Al estar sometidas a estas tensiones, las proteínas logran plegarse otra vez hasta sus formas nativas. ¿Cómo se demuestra esto? En el caso de la clara de huevo, los investigadores comprobaron que la actividad enzimática de la lisozima (nula en la clara desnaturalizada) se recuperaba más de un 80% con respecto a la clara original, tras solo 5 minutos de tratamiento a 5000 rpm en urea 1M. Por supuesto, la cosa no se quedó en la simple anécdota y en el mismo trabajo los investigadores demostraron que el procedimiento podía aplicarse a otras proteínas, de orígenes distintos, e incluso hasta tres veces mayores que la lisozima. Podríamos pensar que el replegamiento de las proteínas no debería ser una cosa difícil, habida cuenta que ellas solitas se pliegan cuando son sintetizadas. De alguna manera, la estructura primaria “sabe” como debe plegarse tridimensionalmente (lo que se conoce como dogma de Anfinsen). Sin embargo, las cosas no son tan sencillas. En ocasiones, las proteínas “se equivocan” al plegarse, lo cual puede tener dramáticas consecuencias. Un caso bien conocido es el de los priones, que dan lugar a la enfermedad de Creutzfeldt-Jakob, muy relacionada con el “mal de las vacas locas”. También se ha señalado a otras proteínas, los beta-amiloides, como responsables de la enfermedad de Alzheimer cuando se acumulan en placas por estar incorrectamente plegados. De hecho, existen unas proteínas, conocidas como chaperonas (carabinas, diríamos en España), cuya misión es evitar que las proteínas recién sintetizadas en las células interaccionen entre sí antes de que tengan tiempo de plegarse correctamente. Sí, proteína puedes salir del ribosoma a pasear, pero solo si te acompaña tu tía chaperona… algo pasado de moda, quizá, pero efectivo.

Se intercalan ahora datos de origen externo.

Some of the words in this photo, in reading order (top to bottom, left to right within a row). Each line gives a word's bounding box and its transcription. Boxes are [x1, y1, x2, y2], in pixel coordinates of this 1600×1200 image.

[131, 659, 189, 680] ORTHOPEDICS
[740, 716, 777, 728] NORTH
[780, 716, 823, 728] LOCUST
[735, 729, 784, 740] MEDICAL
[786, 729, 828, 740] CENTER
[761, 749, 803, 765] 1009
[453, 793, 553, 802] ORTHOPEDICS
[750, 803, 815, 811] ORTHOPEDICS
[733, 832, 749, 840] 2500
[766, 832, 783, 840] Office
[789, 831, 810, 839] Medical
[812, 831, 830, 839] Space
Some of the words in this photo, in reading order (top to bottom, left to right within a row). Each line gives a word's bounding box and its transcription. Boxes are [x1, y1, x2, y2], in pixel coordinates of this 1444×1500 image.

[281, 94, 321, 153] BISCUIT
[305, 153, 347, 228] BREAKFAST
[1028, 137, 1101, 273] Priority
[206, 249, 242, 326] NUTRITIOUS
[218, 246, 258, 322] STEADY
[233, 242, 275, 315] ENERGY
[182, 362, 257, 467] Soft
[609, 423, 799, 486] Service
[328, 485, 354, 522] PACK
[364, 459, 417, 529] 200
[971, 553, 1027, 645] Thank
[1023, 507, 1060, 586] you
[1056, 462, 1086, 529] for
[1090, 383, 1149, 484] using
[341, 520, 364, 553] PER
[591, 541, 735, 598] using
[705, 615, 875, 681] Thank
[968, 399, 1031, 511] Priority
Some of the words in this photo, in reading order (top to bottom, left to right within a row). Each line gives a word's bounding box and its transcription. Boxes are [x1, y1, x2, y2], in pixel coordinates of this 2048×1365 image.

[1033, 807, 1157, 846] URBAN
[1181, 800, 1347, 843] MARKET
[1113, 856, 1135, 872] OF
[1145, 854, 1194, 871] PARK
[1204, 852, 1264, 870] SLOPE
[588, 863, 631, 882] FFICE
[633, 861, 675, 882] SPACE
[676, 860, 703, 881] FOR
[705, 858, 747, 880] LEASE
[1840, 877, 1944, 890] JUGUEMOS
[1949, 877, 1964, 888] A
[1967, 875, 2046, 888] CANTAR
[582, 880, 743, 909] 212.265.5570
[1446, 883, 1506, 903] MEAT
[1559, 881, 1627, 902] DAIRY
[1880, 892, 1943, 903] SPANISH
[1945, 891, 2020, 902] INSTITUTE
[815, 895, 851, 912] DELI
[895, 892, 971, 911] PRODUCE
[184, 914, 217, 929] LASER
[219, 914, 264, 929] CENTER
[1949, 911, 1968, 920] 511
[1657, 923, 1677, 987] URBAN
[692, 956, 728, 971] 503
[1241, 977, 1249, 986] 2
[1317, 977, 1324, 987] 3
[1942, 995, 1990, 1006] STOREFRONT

Estructura de una chaperona bacteriana. El hueco central es capaz de acomodar la proteina huésped.

Estructura de una chaperona bacteriana. El hueco central es capaz de acomodar la proteina huésped.

Precisamente, por ahí van los tiros de la importancia del descubrimiento que hemos comentado hoy. Obviamente, los investigadores no iban detrás de demostrar que se puede descocer un huevo (cosa que, por cierto, en ningún momento hacen, porque solo se ocupan de la clara), sino de que se pueden replegar proteínas defectuosas hasta su forma funcional. Esto es tremendamente importante para la industria de las proteínas recombinantes sobreexpresadas, normalmente en bacterias o levaduras (sí, estamos hablando de transgénicos, amigos), que tienen aplicaciones industriales, farmacéuticas, medioambientales y agrícolas, y que, en palabras de los autores del trabajo, representan un mercado de más de 160.000.000.000 US$ anuales. Al sobreexpresar proteínas de gran tamaño, a menudo se producen agregados inactivos. La recuperación del correcto plegamiento de estas proteínas mediante un procedimiento rápido y sencillo como el descrito en este trabajo, puede transformar la producción industrial de proteínas, haciéndolas más baratas y facilitando el desarrollo de nuevos tratamientos para enfermedades, como por ejemplo, la producción masiva de anticuerpos funcionales contra células cancerosas, expresándolos en bacterias. Y todo por aprender a descocer un huevo…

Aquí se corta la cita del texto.